Simple Japanese Strawberry Shortcake

If you prefer a soft textured cake with just enough sweetness and fresh strawberries, then this cake is perfect for your sweet tooth! I love Japanese pastries particularly for their soft and airy textures. Strawberry shortcake is one of my favorite desserts to bake. Below are the ingredients and directions of how I make mine. Hope you enjoy!

Ingredients:

  • 2 tablespoons melted butter

  • 1/4 cup whole milk (warmed)

  • 1/3 cup cake flour

  • 3 large egg yolks

  • 3 large egg whites

  • 5 tablespoons granulated sugar

    For the topping:

  • 6 fresh strawberries (sliced)

  • 1/2 cup whipping cream

  • 3 tablespoons powdered sugar


 

Directions:

  1. Adjust oven rack to middle and preheat to 325°F. Cut parchment paper to fit a 6” round spring form pan.

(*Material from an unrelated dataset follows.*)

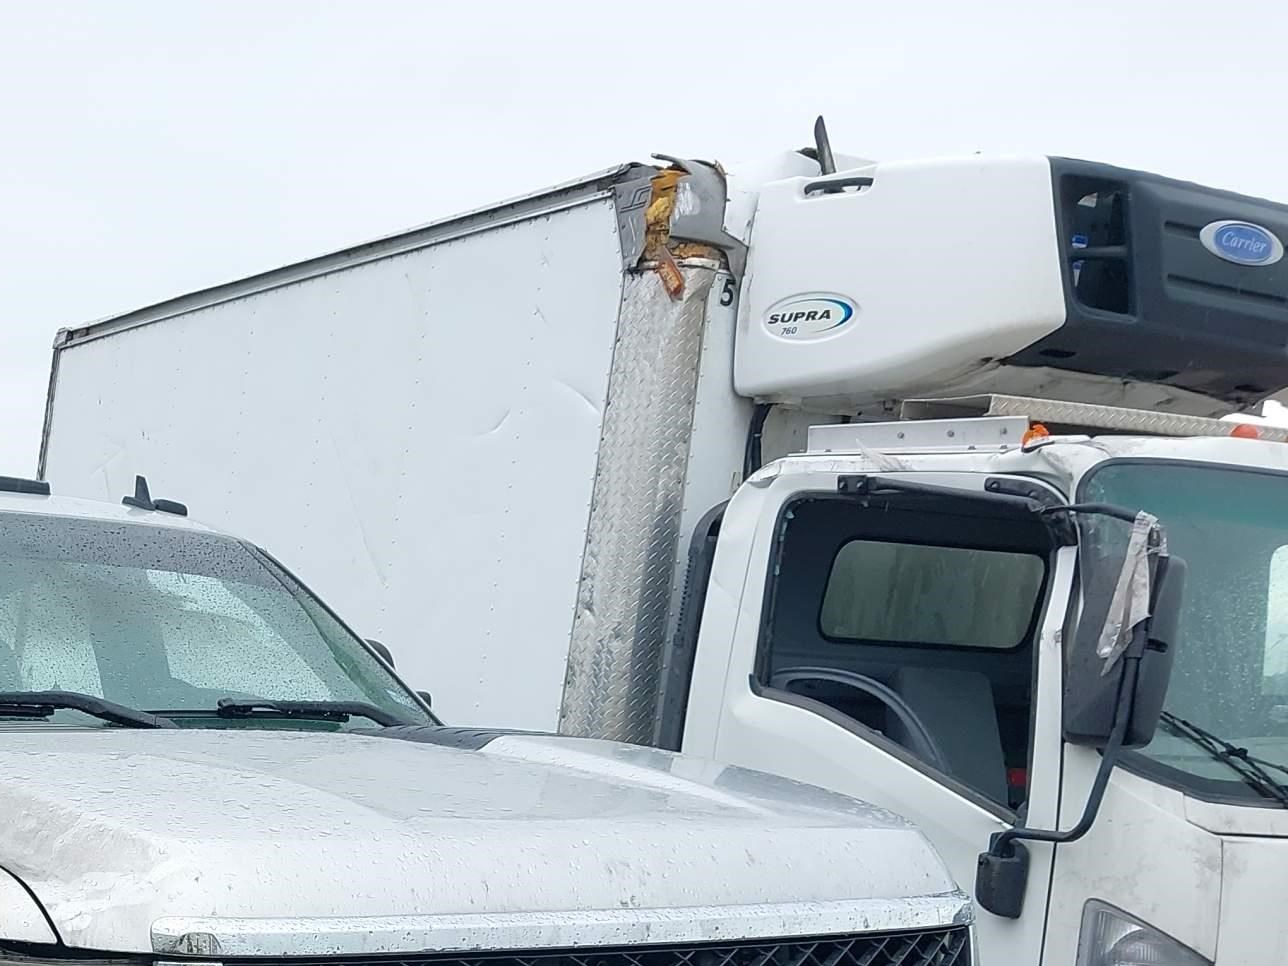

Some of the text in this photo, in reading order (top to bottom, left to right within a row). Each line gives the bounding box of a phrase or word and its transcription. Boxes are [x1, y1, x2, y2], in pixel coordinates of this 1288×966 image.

  2. Combine warmed milk and melted butter into a medium mixing bowl. Sift cake flour into the mixture and stir until fully combined. Add the egg yolks and mix well.

  3. In a separate medium bowl, beat egg whites with a handheld mixer until foamy. Slowly add in granulated sugar and continue beating until medium peaks form.

  4. Fold half of the whipped egg whites to the cake mixture then gradually fold in the rest.

  5. Pour the batter into the lined spring form pan and bake for approximately 45 minutes.

  6. Remove from oven and let cool for about 5 minutes. Use a small knife and run along the edge of the cake for easy removal. Peel off parchment liner and rest cake on a cooling rack as you prepare the whipped cream and fresh strawberries.

  7. Pour whipping cream into a small mixing bowl. Beat with a handheld mixer and slowly add in the powdered sugar until medium peaks form. Then slice fresh strawberries.

  8. Spread whipped cream onto cake and embellish with strawberry slices.